Before marriage equality became the law of the land, he was the only cis-gendered male member of the Religious Council at the Human Rights Campaign, assigned to biblically preach on LGBTQI+ civil rights at conservative churches and gatherings around the country. Additionally, he wrote the bilingual eBook for Latinx religious families dealing with children “coming out of the closet.” The 2011 eBook, A la familia has not only been used in the U.S., but throughout Latin America, especially in Cuba.

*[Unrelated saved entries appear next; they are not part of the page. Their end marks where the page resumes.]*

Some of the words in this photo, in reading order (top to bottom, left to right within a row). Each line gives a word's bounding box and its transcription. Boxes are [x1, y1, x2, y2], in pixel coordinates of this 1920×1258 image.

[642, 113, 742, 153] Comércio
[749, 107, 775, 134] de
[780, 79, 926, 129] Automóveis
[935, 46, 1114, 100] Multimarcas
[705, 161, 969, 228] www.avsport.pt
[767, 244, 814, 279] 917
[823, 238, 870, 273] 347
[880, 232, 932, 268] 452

It should be noted that not only has he published well-received books on immigration he also wrote the screenplay and co-produced a documentary on the topic. The one-hour documentary has won eighteen film awards while touring the festival circuit. The film has been purchased by and shown at hundreds of universities, theological schools, churches and among activist groups. This research is based on the many church and student groups I led in the desert providing food, water and medical aid to migrants crossing borders.

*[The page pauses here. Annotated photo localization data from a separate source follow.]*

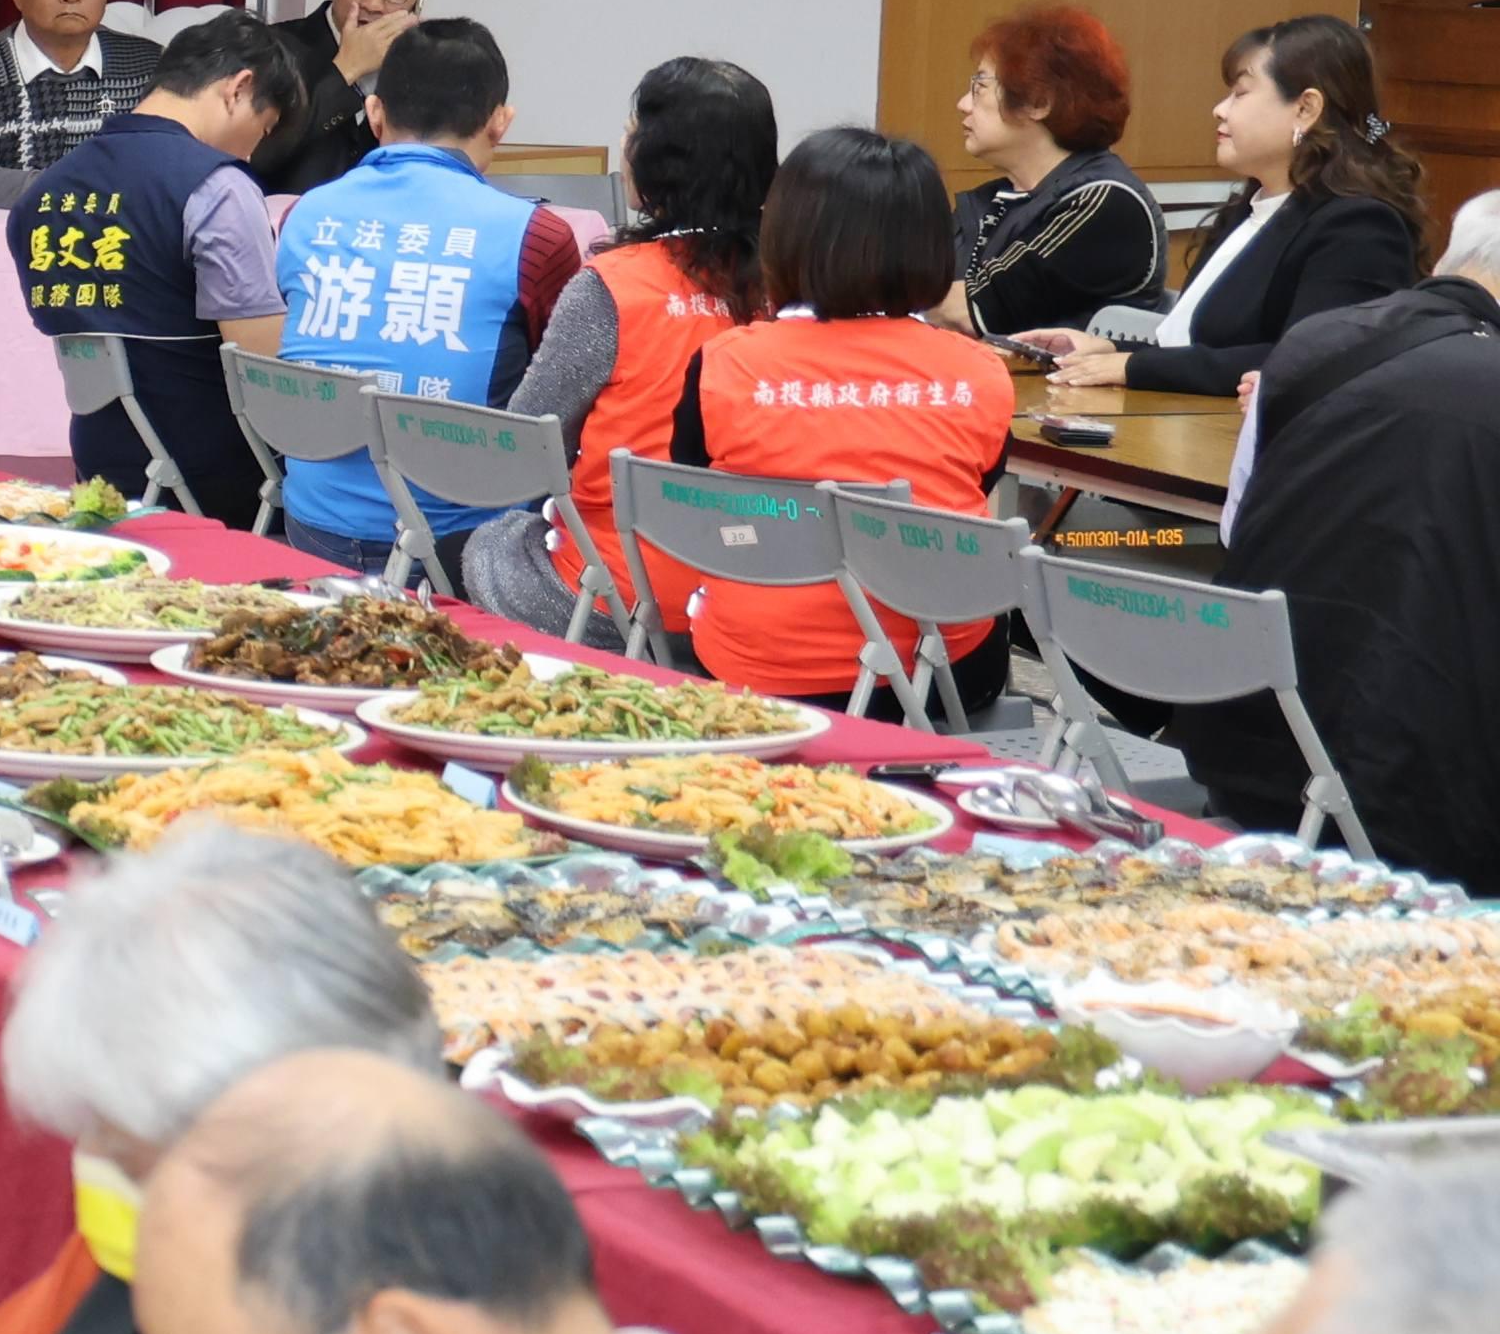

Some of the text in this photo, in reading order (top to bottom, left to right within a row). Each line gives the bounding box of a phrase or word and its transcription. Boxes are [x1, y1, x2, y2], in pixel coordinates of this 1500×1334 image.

[37, 192, 123, 216] 立法委員
[29, 224, 131, 273] 馬文君
[311, 216, 477, 259] 立法委員
[30, 283, 125, 310] 服務團隊
[752, 379, 974, 409] 南投縣政府衛生局

Since obtaining his doctorate in 1999, Dr. De La Torre has authored hundreds of scholarly articles and forty-two books, including national book awards for Reading the Bible from the Margins, (Orbis, 2002); Santería: The Beliefs and Rituals of a Growing Religion in America (Wm. B. Eerdmans, 2004); Doing Christian Ethics from the Margins, (Orbis, 2004); Encyclopedia on Hispanic American Religious Culture, Volume 1 & 2, (ABC-CLIO, 2009); and Faith and Resistance in an Age of Trump (Orbis, 2017).

Within the academy he has served as a director to the Society of Christian Ethics and the American Academy of Religion. Additionally, he has been co-chair of the Ethics Section at the American Academy of Religion. In 2012, he was elected President of the Society of Christian Ethics. That same year he received a Fulbright, teaching a course on postcolonialism and Christianity in Indonesia. In 2014, he taught a course on Liberative Ethics in South Africa. And in 2017, he taught on Immigration in Germany. An international scholar, he has also made academic presentations in Costa Rica, Thailand, Mexico, Taiwan, Cuba, UK and elsewhere. In 2018 he gave a plenary talk at the Parliament of World’s Religions in Toronto to 8,000 attendees, and in 2019 he was the featured week-long speaker at the Chautauqua Institute where he was on a panel with Wynton Marsalis discussing the intersection of race and his musical piece The Ever Fonky Lowdown.

Dr. De La Torre has been an expert commentator concerning ethical issues (mainly Latinx religiosity, LGBTQI+ civil rights, and immigration rights) on several local, national, and international media outlets. A scholar-activist, Dr. De La Torre has written numerous articles in popular media.